*Stored data entries*:

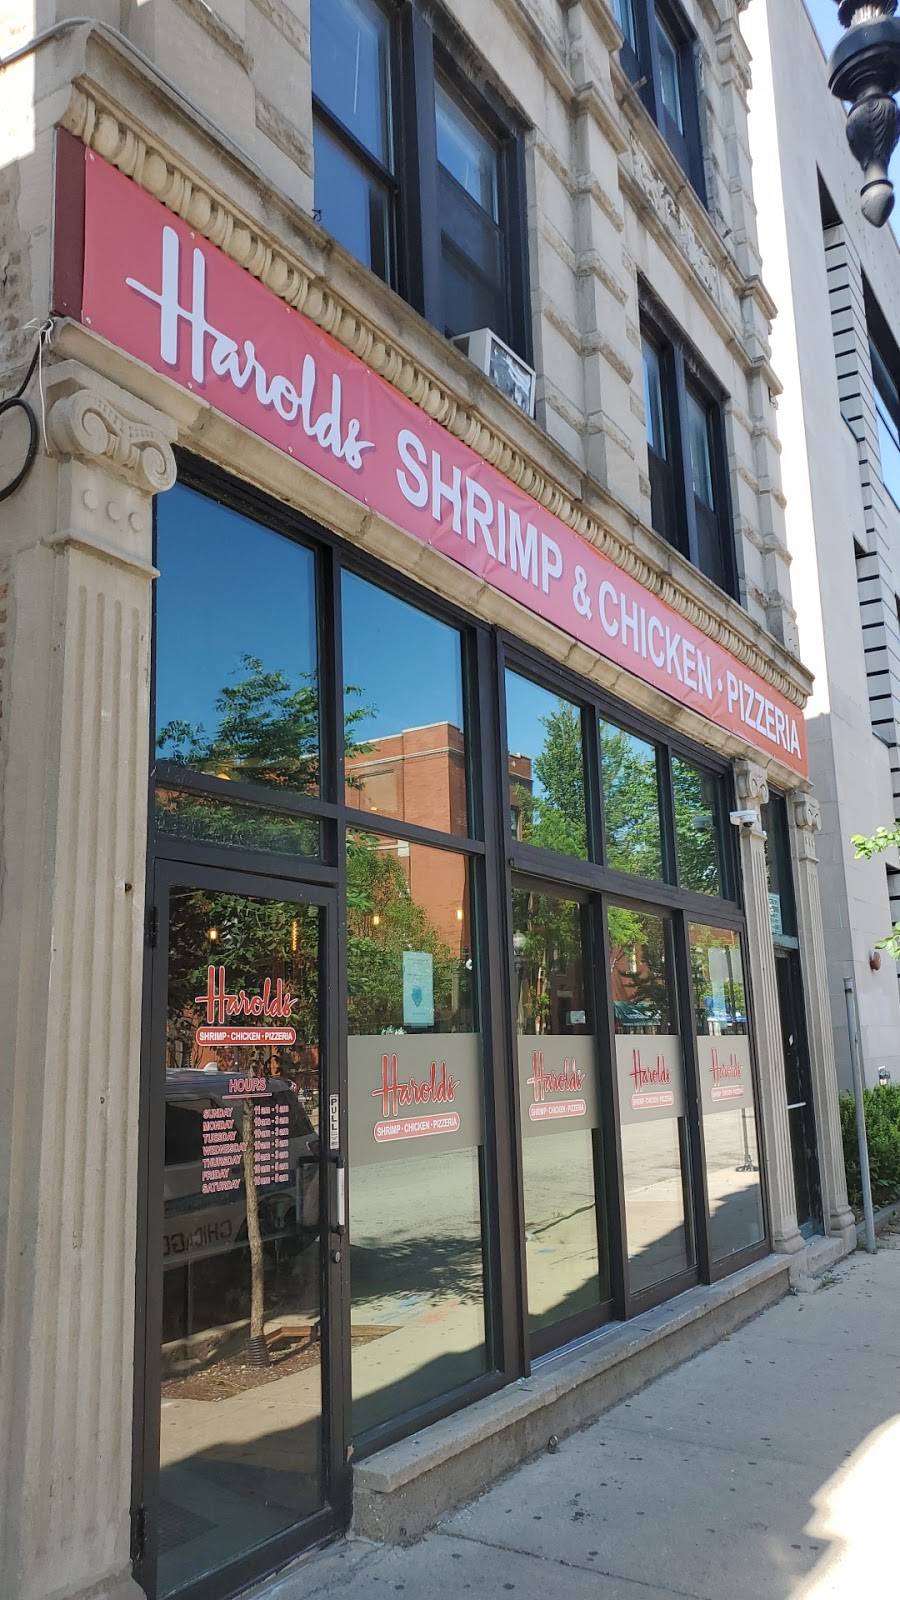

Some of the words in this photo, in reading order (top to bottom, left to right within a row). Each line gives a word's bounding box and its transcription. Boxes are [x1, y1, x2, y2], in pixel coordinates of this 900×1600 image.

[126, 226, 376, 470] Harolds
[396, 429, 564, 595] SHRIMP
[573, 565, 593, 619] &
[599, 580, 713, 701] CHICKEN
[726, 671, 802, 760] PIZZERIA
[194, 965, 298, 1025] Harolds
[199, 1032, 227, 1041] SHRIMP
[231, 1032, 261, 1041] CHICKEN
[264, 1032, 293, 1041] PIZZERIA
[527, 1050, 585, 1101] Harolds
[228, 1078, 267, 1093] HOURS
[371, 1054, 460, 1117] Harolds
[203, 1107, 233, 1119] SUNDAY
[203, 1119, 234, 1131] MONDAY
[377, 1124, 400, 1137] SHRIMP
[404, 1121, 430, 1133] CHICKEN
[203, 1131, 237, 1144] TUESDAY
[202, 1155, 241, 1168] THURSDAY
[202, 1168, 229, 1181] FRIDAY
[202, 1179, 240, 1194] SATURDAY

*Work order*: Output the records exactly, please. The pictures are not part of the copy.

*Task output*:
Some of the words in this photo, in reading order (top to bottom, left to right within a row). Each line gives a word's bounding box and its transcription. Boxes are [x1, y1, x2, y2], in pixel coordinates of this 900×1600 image.

[126, 226, 376, 470] Harolds
[396, 429, 564, 595] SHRIMP
[573, 565, 593, 619] &
[599, 580, 713, 701] CHICKEN
[726, 671, 802, 760] PIZZERIA
[194, 965, 298, 1025] Harolds
[199, 1032, 227, 1041] SHRIMP
[231, 1032, 261, 1041] CHICKEN
[264, 1032, 293, 1041] PIZZERIA
[527, 1050, 585, 1101] Harolds
[228, 1078, 267, 1093] HOURS
[371, 1054, 460, 1117] Harolds
[203, 1107, 233, 1119] SUNDAY
[203, 1119, 234, 1131] MONDAY
[377, 1124, 400, 1137] SHRIMP
[404, 1121, 430, 1133] CHICKEN
[203, 1131, 237, 1144] TUESDAY
[202, 1155, 241, 1168] THURSDAY
[202, 1168, 229, 1181] FRIDAY
[202, 1179, 240, 1194] SATURDAY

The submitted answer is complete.